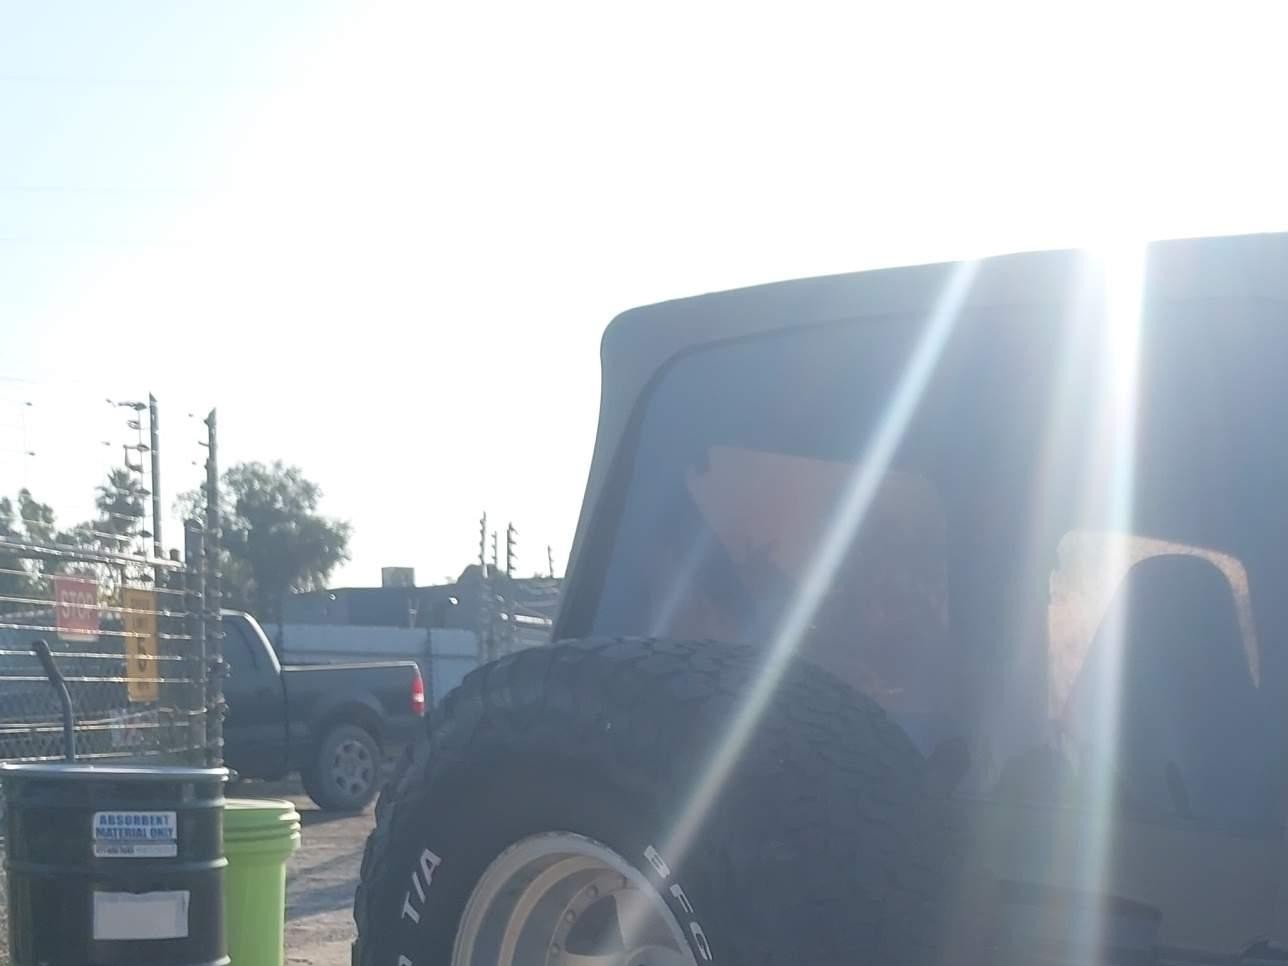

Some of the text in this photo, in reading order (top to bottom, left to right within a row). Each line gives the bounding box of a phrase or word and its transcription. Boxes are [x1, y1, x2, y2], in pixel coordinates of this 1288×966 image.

[61, 590, 95, 619] STOP
[100, 815, 169, 826] ABSORBENT
[96, 828, 174, 839] MATERIAL ONLY
[401, 847, 443, 924] T/A
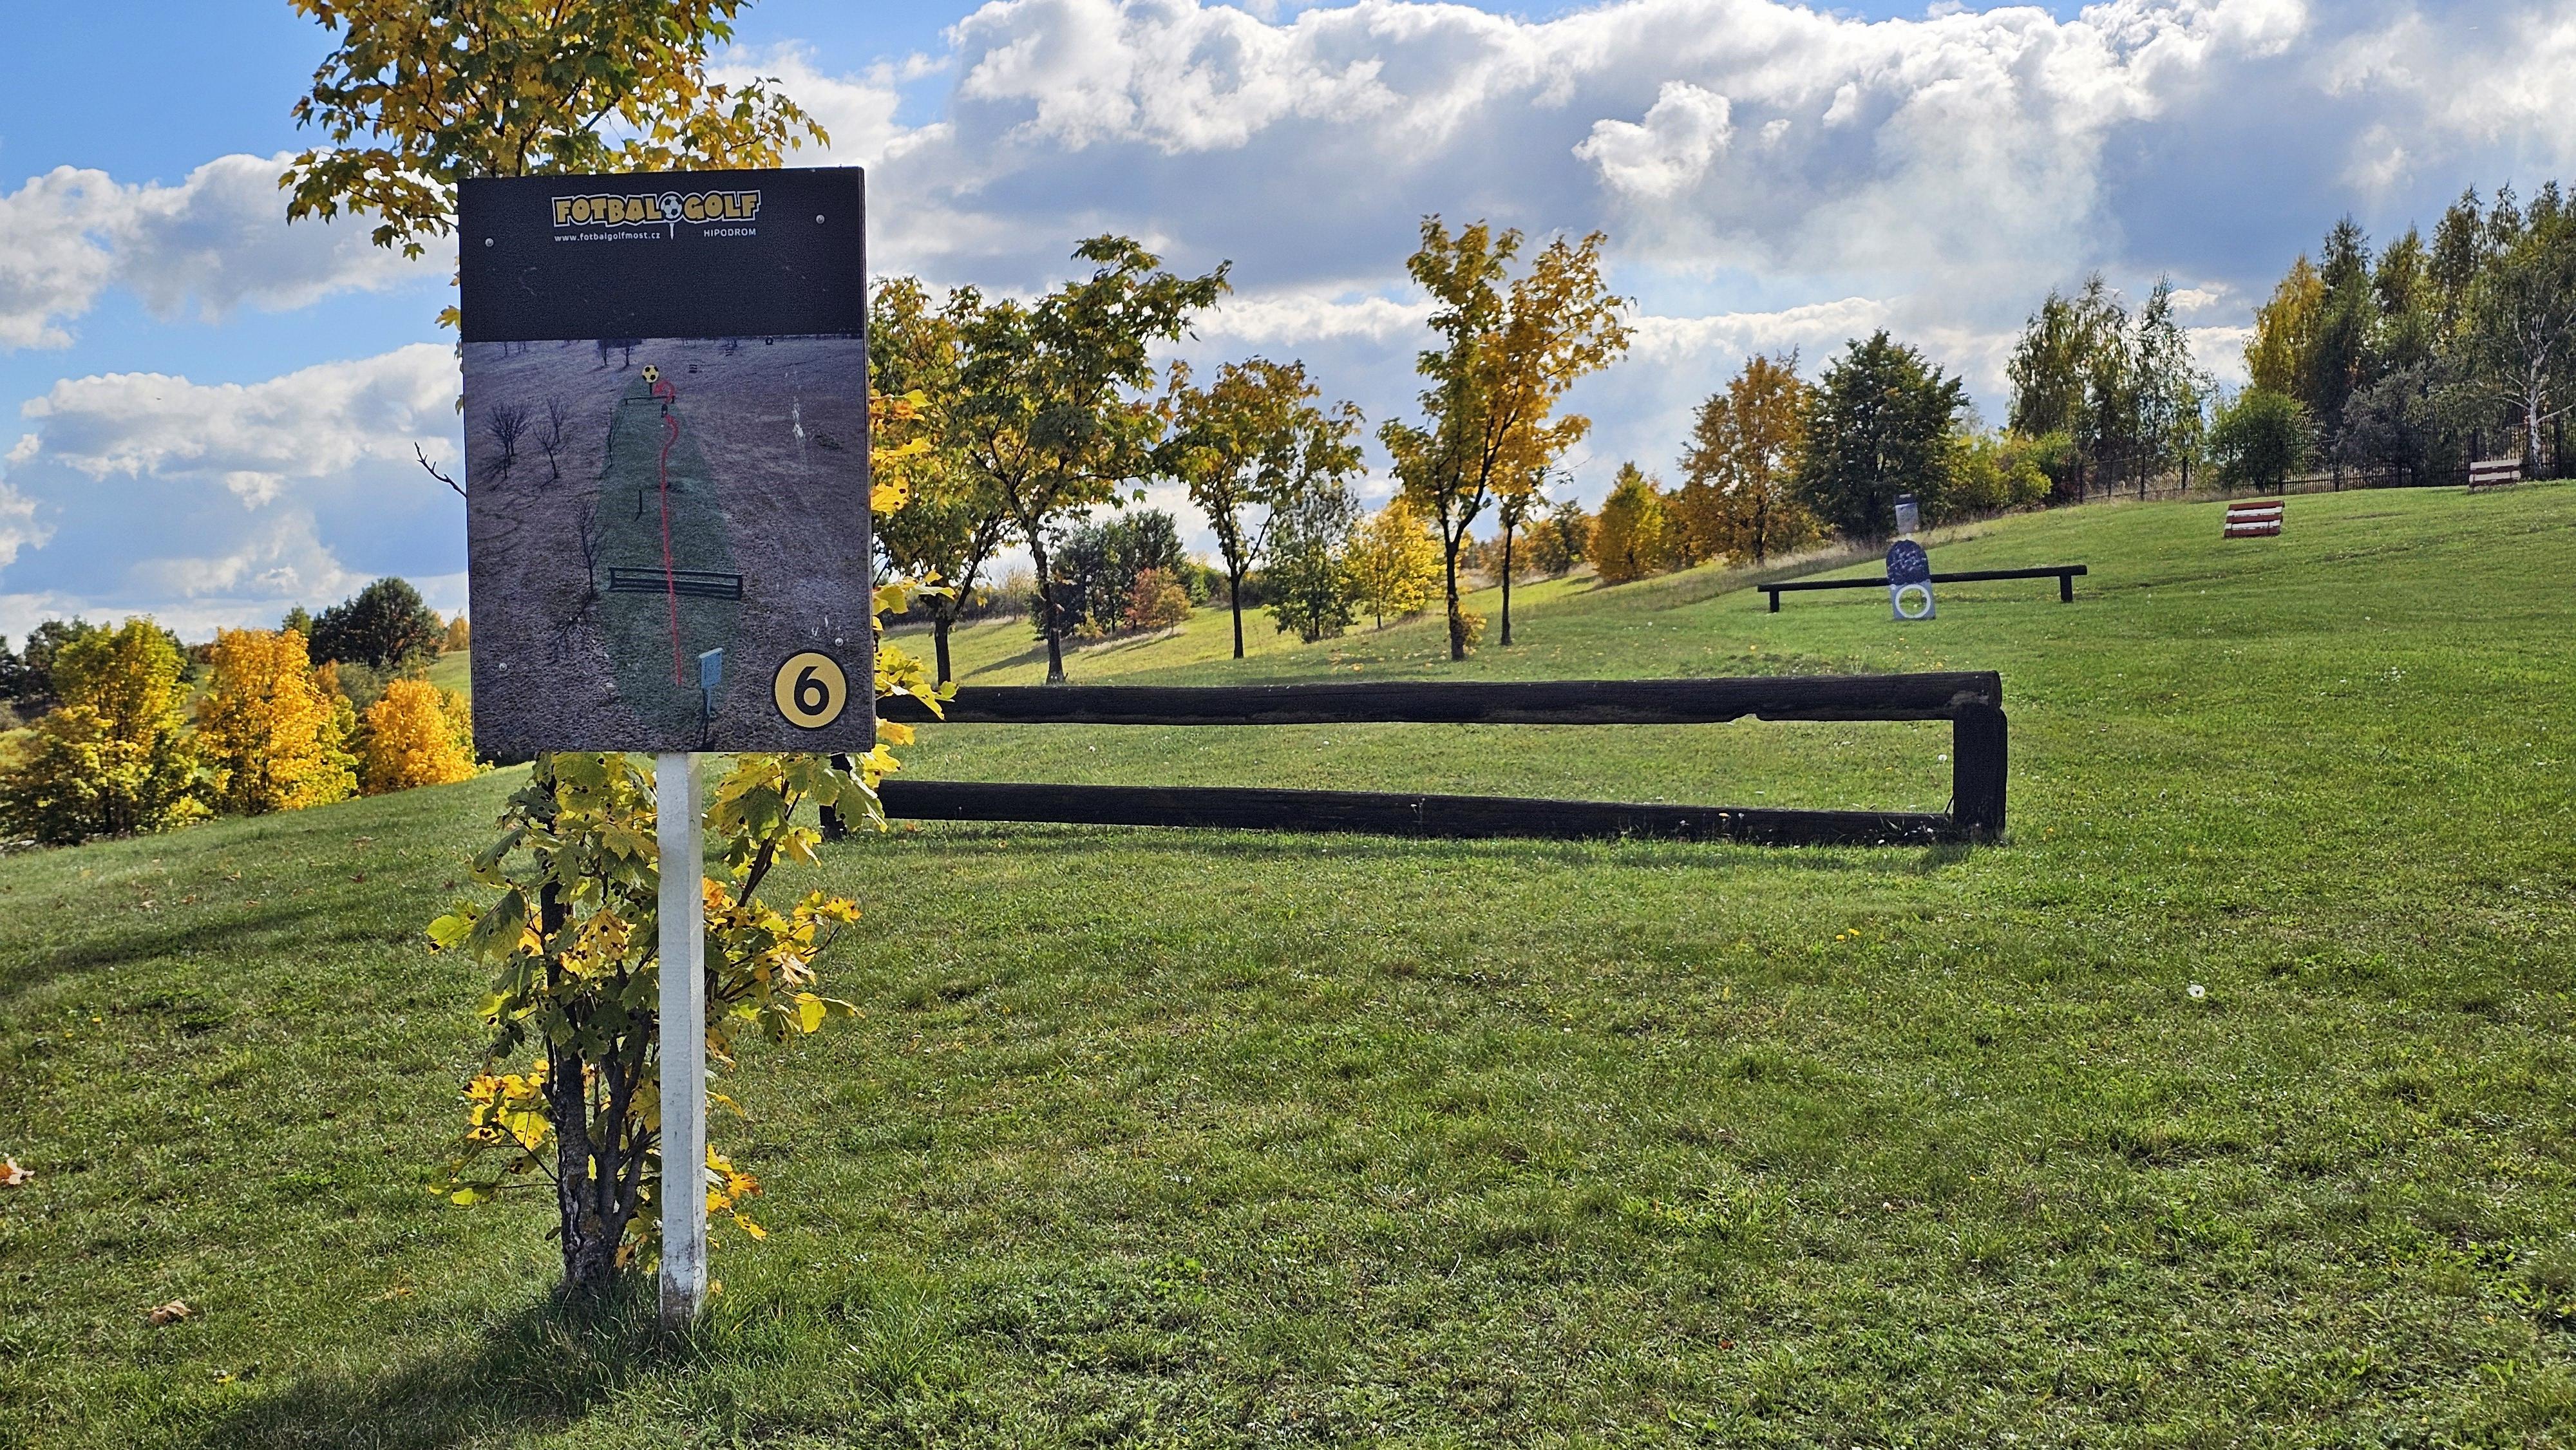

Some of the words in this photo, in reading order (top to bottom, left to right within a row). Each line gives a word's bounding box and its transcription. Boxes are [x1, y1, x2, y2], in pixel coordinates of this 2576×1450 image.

[554, 196, 662, 225] FOTBAL
[683, 193, 759, 221] GOLF
[554, 231, 661, 241] www.fotbalgolfmost.cz
[703, 228, 757, 237] HIPODROM
[793, 666, 829, 716] 6
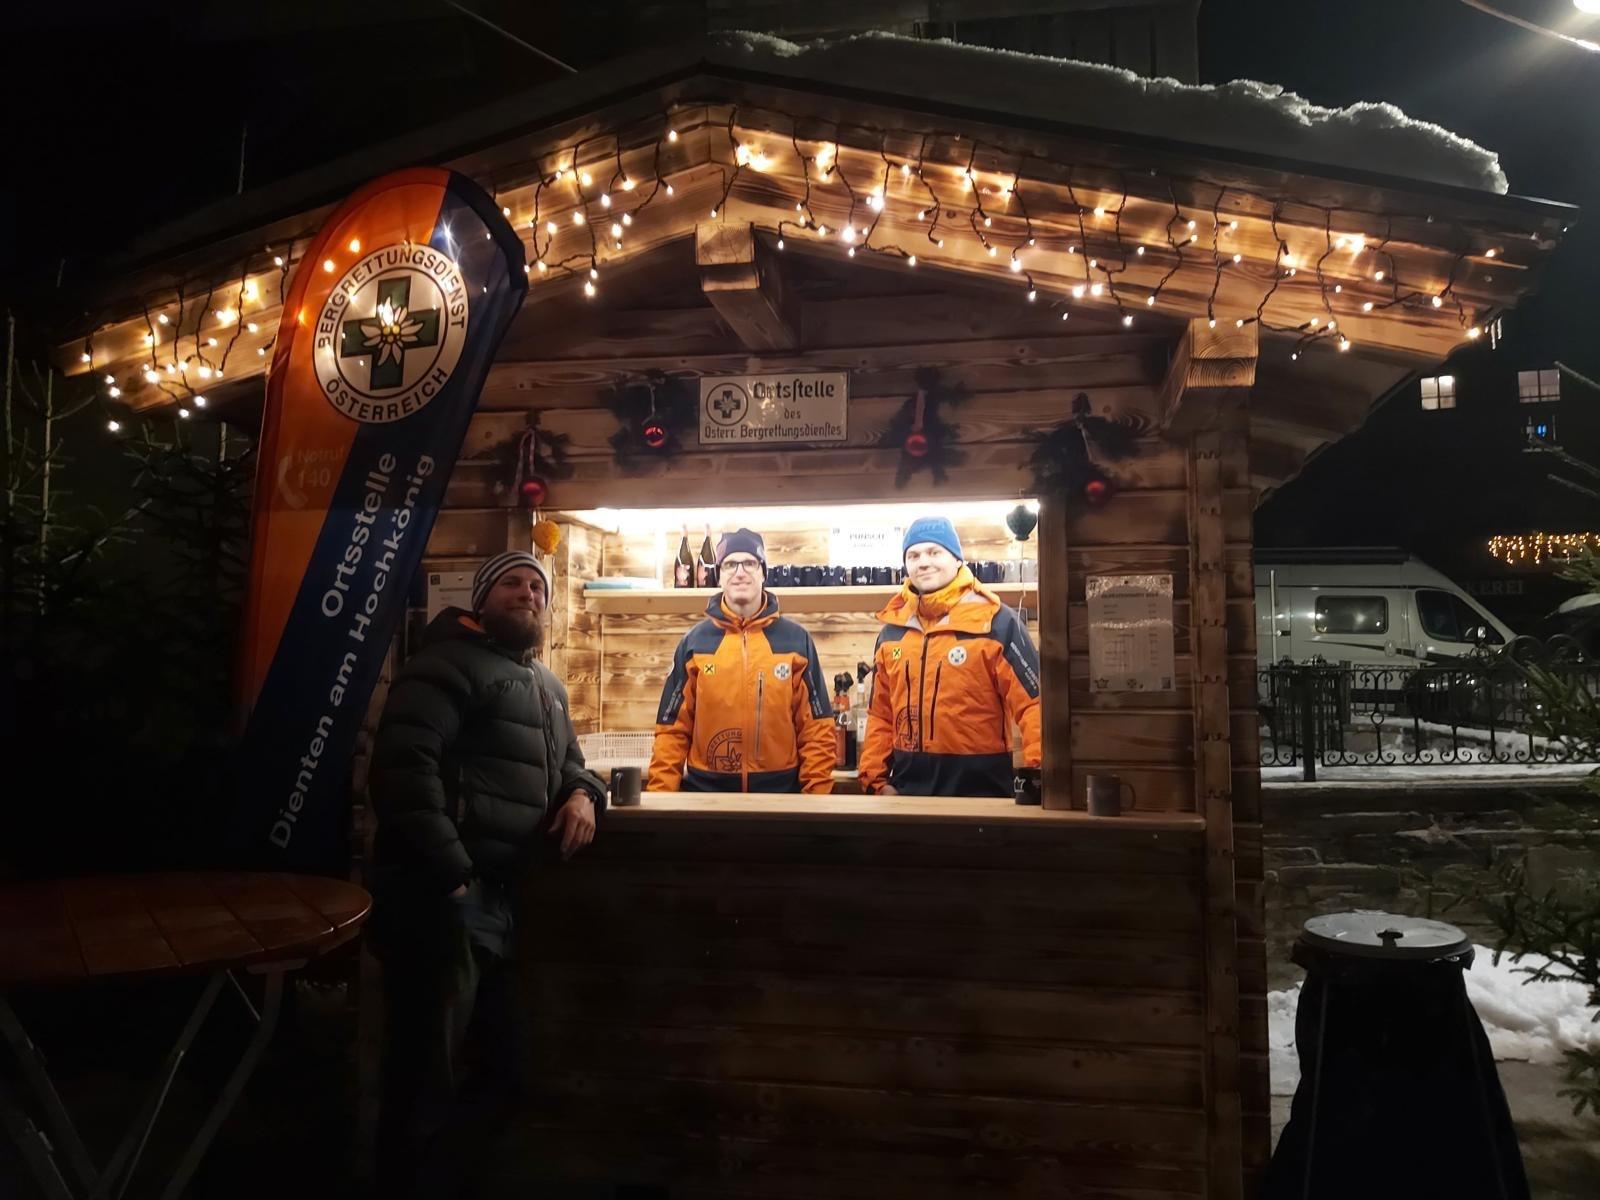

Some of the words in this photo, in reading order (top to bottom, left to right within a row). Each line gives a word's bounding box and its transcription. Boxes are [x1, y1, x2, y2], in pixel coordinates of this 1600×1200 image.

--------

# Exercise prompt:
Your task is to retype all the entries exactly and leave out any pictures.

# Response to this exercise:
Some of the text in this photo, in reading order (top to bottom, left to right within a row). Each line gives the bounding box of a phrase or word and its transcription. Boxes are [x1, y1, x2, y2], in pixel coordinates of this 1288×966 image.

[61, 590, 95, 619] STOP
[100, 815, 169, 826] ABSORBENT
[96, 828, 174, 839] MATERIAL ONLY
[401, 847, 443, 924] T/A

Some of the words in this photo, in reading order (top to bottom, left to right within a row). Each line gives a word's bounding box and its transcription. Boxes are [x1, y1, x2, y2], in pixel coordinates of this 2576×1450 image.

[554, 196, 662, 225] FOTBAL
[683, 193, 759, 221] GOLF
[554, 231, 661, 241] www.fotbalgolfmost.cz
[703, 228, 757, 237] HIPODROM
[793, 666, 829, 716] 6

Some of the words in this photo, in reading order (top to bottom, left to right within a row). Each line gives a word's bounding box and its transcription. Boxes are [x1, y1, x2, y2], in pixel coordinates of this 1600×1200 image.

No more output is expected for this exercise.